• _SUPPLIED MATERIAL_
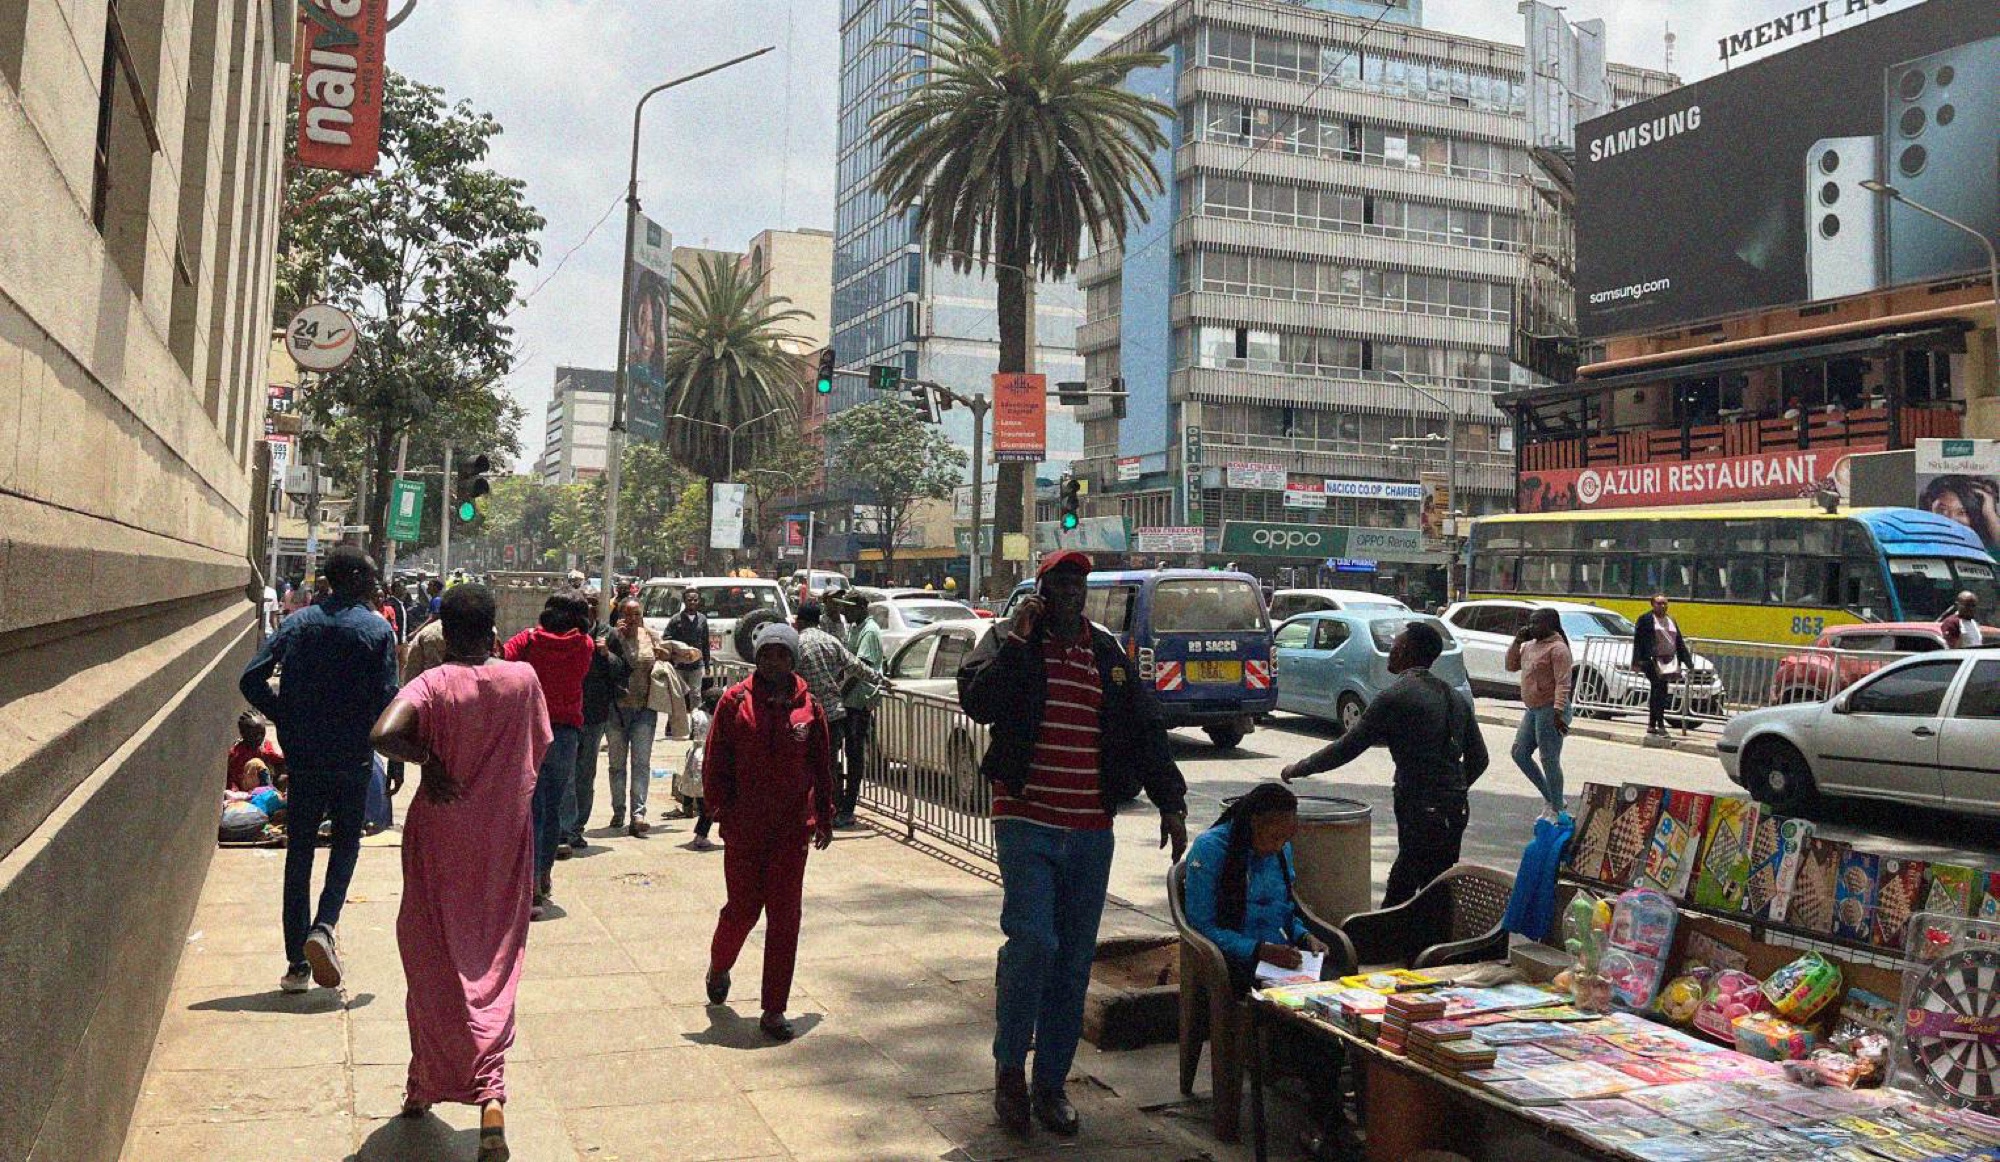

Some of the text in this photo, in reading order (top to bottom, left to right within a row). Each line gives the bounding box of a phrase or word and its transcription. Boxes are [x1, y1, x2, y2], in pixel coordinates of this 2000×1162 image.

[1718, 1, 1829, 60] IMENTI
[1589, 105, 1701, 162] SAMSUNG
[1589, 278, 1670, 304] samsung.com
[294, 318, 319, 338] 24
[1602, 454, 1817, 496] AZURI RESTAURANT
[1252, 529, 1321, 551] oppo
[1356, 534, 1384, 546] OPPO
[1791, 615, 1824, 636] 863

• _WHAT IS NEEDED_
Return the listing above word for word. Keep the images out.

• _WRITTEN RESPONSE_
Some of the text in this photo, in reading order (top to bottom, left to right within a row). Each line gives the bounding box of a phrase or word and its transcription. Boxes are [x1, y1, x2, y2], in pixel coordinates of this 2000×1162 image.

[1718, 1, 1829, 60] IMENTI
[1589, 105, 1701, 162] SAMSUNG
[1589, 278, 1670, 304] samsung.com
[294, 318, 319, 338] 24
[1602, 454, 1817, 496] AZURI RESTAURANT
[1252, 529, 1321, 551] oppo
[1356, 534, 1384, 546] OPPO
[1791, 615, 1824, 636] 863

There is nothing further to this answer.